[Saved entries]
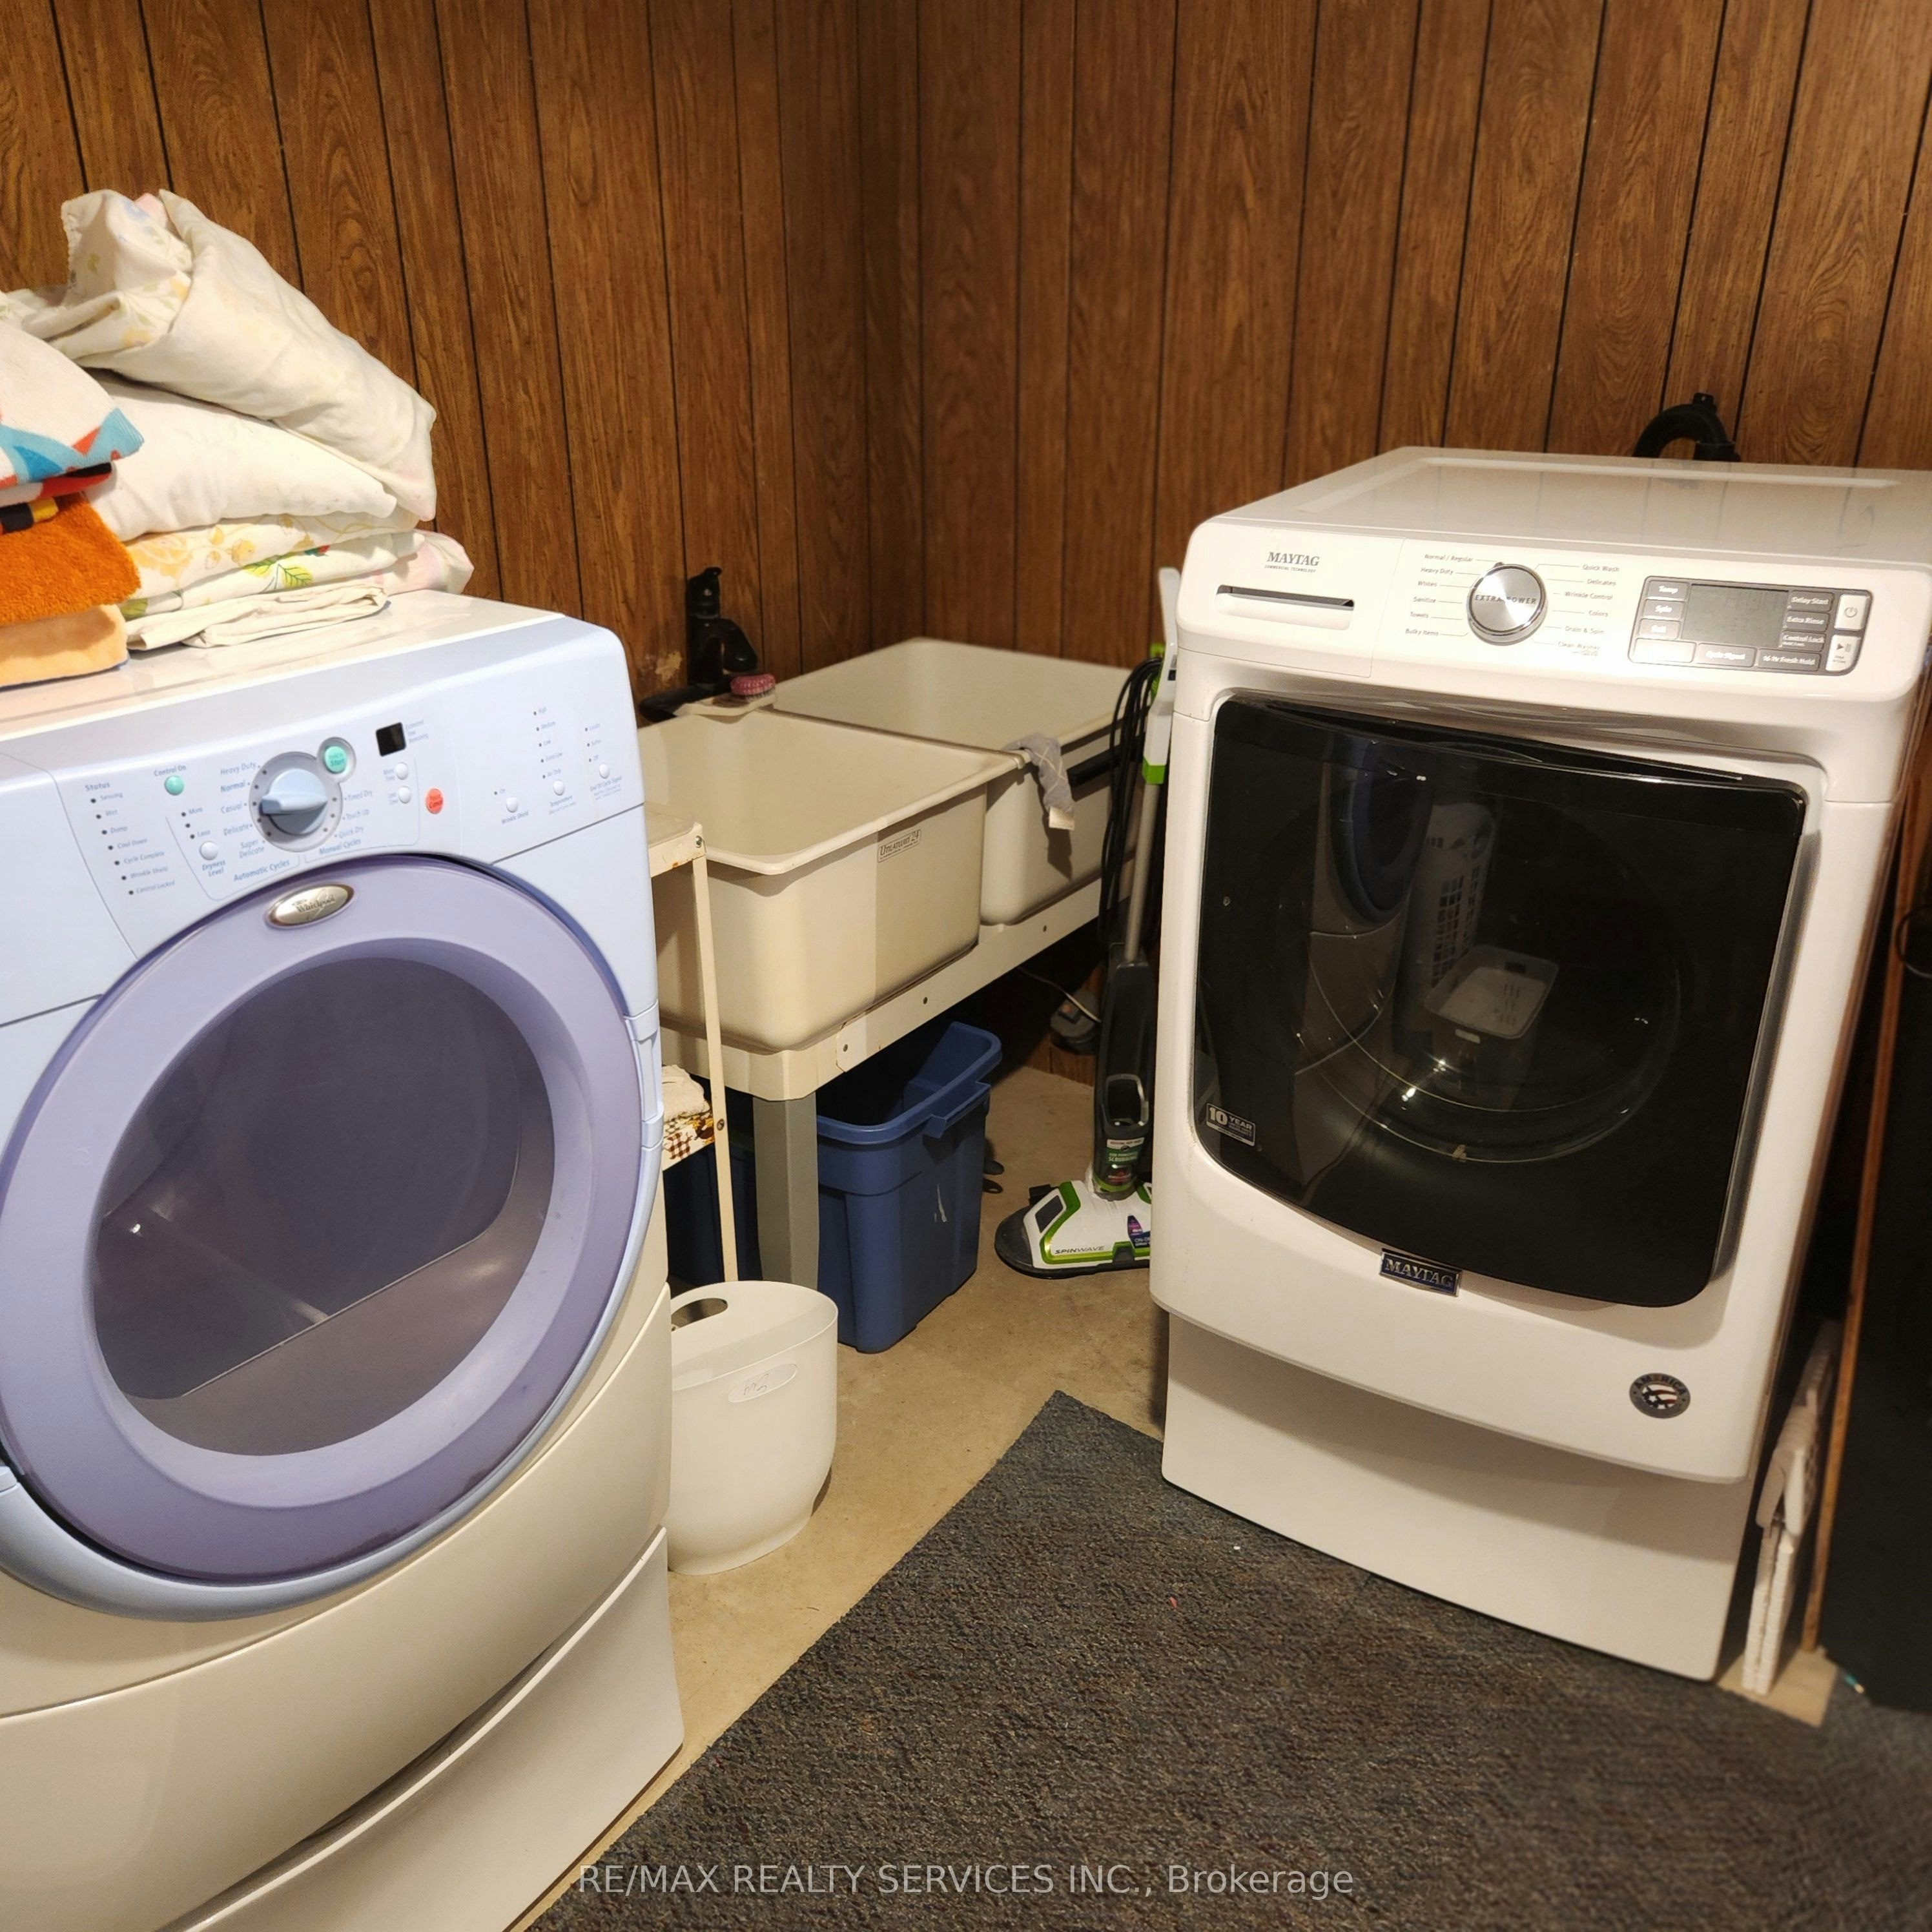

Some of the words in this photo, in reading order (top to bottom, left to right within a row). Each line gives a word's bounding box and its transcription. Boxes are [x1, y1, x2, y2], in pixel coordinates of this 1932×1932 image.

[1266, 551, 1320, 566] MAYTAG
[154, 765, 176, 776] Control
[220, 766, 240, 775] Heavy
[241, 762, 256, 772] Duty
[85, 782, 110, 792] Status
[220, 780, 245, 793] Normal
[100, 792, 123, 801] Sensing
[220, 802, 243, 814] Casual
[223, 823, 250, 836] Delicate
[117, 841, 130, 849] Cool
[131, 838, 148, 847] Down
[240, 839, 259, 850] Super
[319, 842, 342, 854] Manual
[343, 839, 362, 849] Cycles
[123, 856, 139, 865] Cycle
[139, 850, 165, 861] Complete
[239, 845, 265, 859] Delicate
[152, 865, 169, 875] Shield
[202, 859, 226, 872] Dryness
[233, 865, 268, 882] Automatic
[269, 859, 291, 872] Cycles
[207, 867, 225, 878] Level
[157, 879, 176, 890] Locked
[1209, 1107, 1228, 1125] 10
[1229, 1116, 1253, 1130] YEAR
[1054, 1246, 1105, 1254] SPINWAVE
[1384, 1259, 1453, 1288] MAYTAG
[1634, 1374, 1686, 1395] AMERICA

What the task asks: Only the pictures are to be left out; write out all the other data exactly.

Output of the task:
Some of the words in this photo, in reading order (top to bottom, left to right within a row). Each line gives a word's bounding box and its transcription. Boxes are [x1, y1, x2, y2], in pixel coordinates of this 1932×1932 image.

[1266, 551, 1320, 566] MAYTAG
[154, 765, 176, 776] Control
[220, 766, 240, 775] Heavy
[241, 762, 256, 772] Duty
[85, 782, 110, 792] Status
[220, 780, 245, 793] Normal
[100, 792, 123, 801] Sensing
[220, 802, 243, 814] Casual
[223, 823, 250, 836] Delicate
[117, 841, 130, 849] Cool
[131, 838, 148, 847] Down
[240, 839, 259, 850] Super
[319, 842, 342, 854] Manual
[343, 839, 362, 849] Cycles
[123, 856, 139, 865] Cycle
[139, 850, 165, 861] Complete
[239, 845, 265, 859] Delicate
[152, 865, 169, 875] Shield
[202, 859, 226, 872] Dryness
[233, 865, 268, 882] Automatic
[269, 859, 291, 872] Cycles
[207, 867, 225, 878] Level
[157, 879, 176, 890] Locked
[1209, 1107, 1228, 1125] 10
[1229, 1116, 1253, 1130] YEAR
[1054, 1246, 1105, 1254] SPINWAVE
[1384, 1259, 1453, 1288] MAYTAG
[1634, 1374, 1686, 1395] AMERICA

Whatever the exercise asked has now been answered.